“thebritisharecumming”: Performance Art on Youtube
YouTube, an integral part of the internet, is known for its cats, self-proclaimed stars, and viral videos, but what about art? How can performance art exist next to “Fallout 4 Gameplay?” Far removed from the comforts of museum halls and gallery walls, competition for viewers is steep, and then to further tap into the right audience to build a following, proves even more difficult. But it’s this counter-intuitive decision, to utilize YouTube as the sole platform, that makes Paul Kindersley’s channel, thebritisharecumming, so remarkable.

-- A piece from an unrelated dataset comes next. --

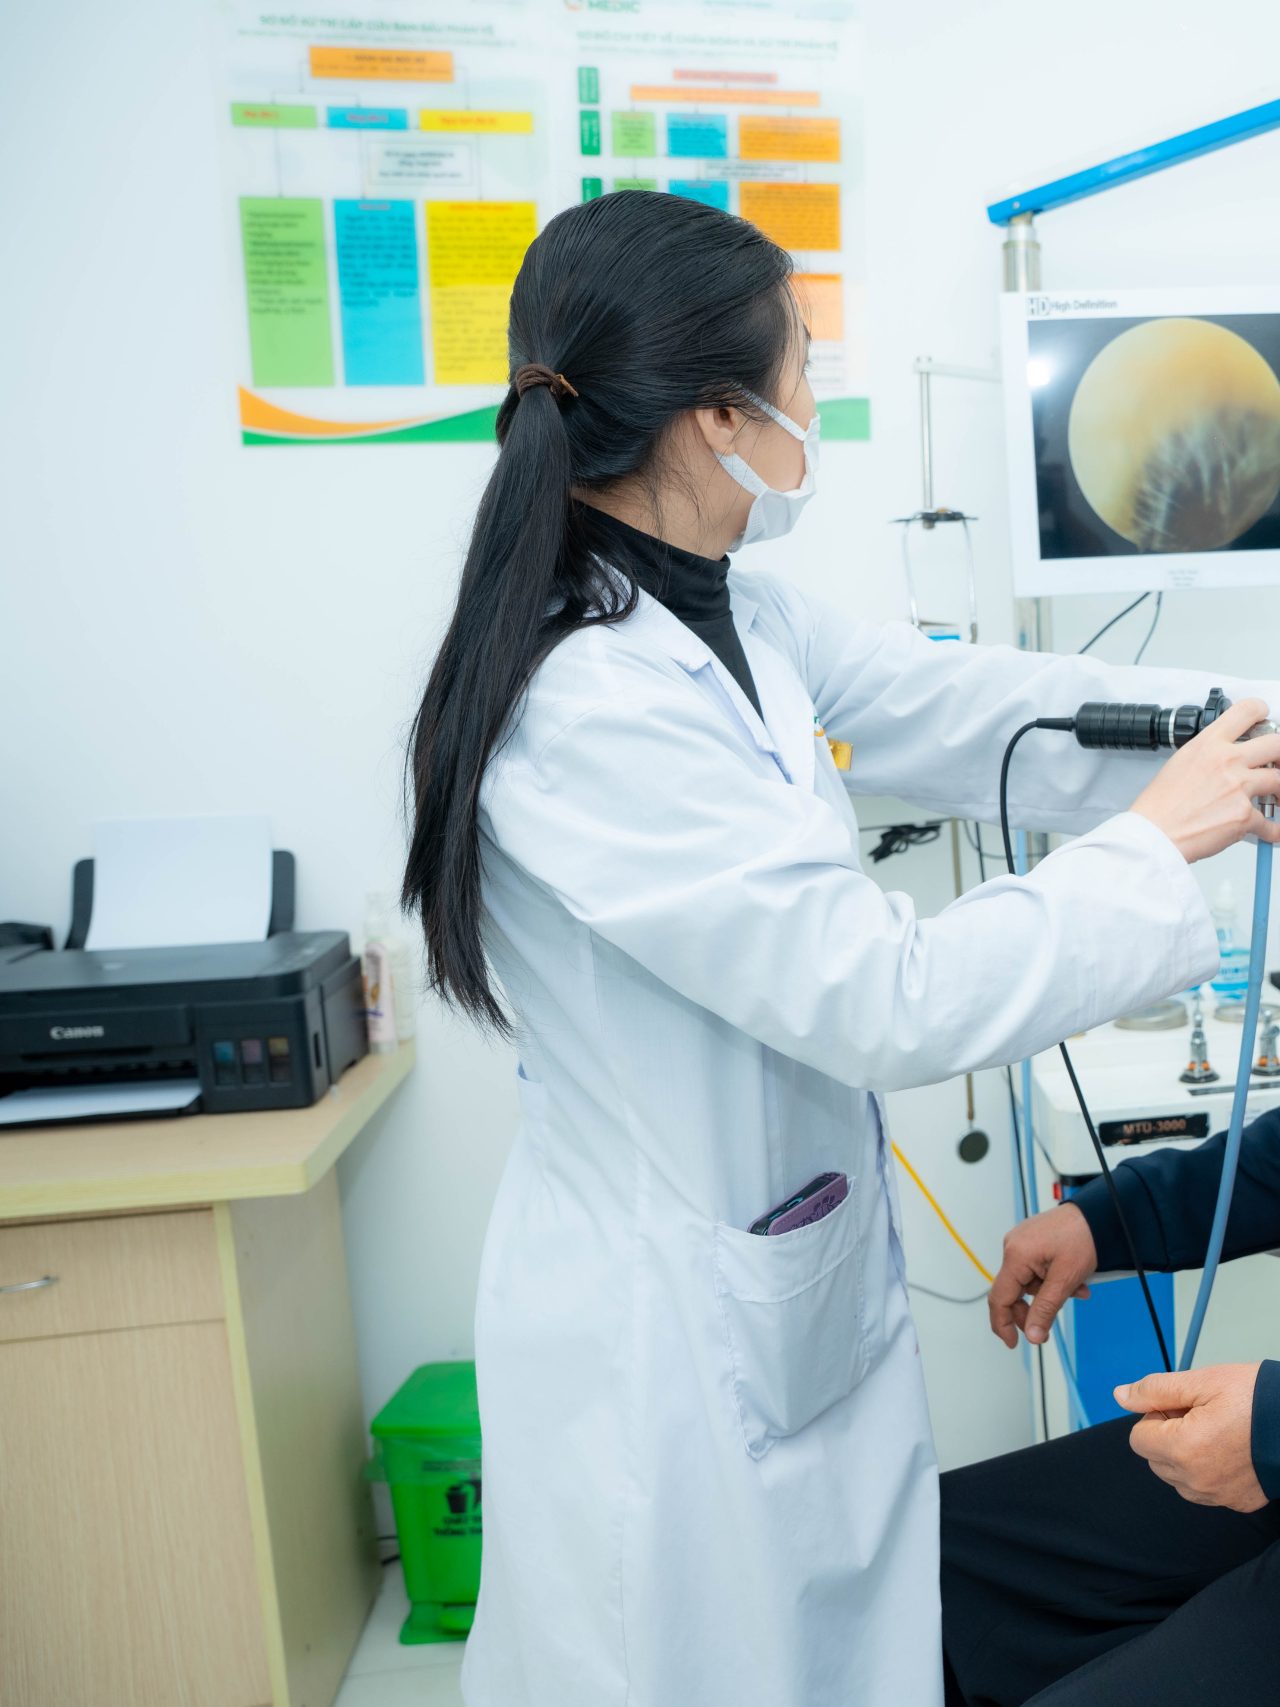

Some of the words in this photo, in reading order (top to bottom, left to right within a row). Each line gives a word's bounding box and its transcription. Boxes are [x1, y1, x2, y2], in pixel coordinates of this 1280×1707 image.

[1051, 300, 1070, 312] High
[1073, 299, 1118, 310] Definition
[50, 1025, 105, 1040] Canon
[1123, 1118, 1187, 1135] MTU-3000

Yoga videos, soft-core porn and make-up tutorials, the bare-bones concepts behind many of Kindersley’s homemade videos are not unfamiliar to YouTube, but what causes them to stand out is his unique artistic perspective. It’s a continous satiric commentary on present society’s quirks; materialism, spiritualism, sexuality, nothing is left untouched. While his videos are indulgent in that quintessential British wit, there’s always an underlying sense of authentic appreciation for the subject; he twerks to Nicki Minaj, because he respects Nicki Minaj. Yet despite his impressive ability to rap a la Nicki, it is Kindersley’s make-up tutorials that still rake in the highest views, and as views are the currency of the internet, it’s these videos we should discuss.
Whether it’s “Quick N’ Subtle,” “Air Hostess,” or “The Only Way is Essex” look that you’re after, Kindersley can serve all your needs. He’ll mention products to use and show you the best techniques, step-by-step, with ease and grace, but that’s where the YouTube community commonalities drop. For instance, while his make-up looks are decidedly female, he himself is not some photogenic female, but a man with impressive facial hair and no shame in hiding it. Then there are the final looks themselves with endless glitter, unnatural foundation, exaggerated eyebrows and lips, one screen shot will make the art part of the video all too obvious. They are caricatures of beauty standards and their subscribers walking on the street, while unrealistic, these faces are reflections of a very close reality.
These videos boast views from a couple thousand to over ten thousand, which, at first glance, is mighty impressive. You can imagine a large room filled with individual representations of these views and you feel claustrophobic, but that same room is easily dwarfed by the city of Rebecca Black’s “Friday” viewers. Why would an artist chose to enter such a brutal ring of competition? Accessibility. The population of people who don’t visit YouTube is a continually smaller minority, and unlike physical galleries where logistics can get in the way, anyone with internet can stumble upon your work. Perhaps it would just be a view of happenstance and they never watch another video, but they did see it, and with videos like Kindersley’s, they are bound to talk about it. While views may be the currency of the internet, people talking is the currency of the art world. YouTube may just prove itself yet.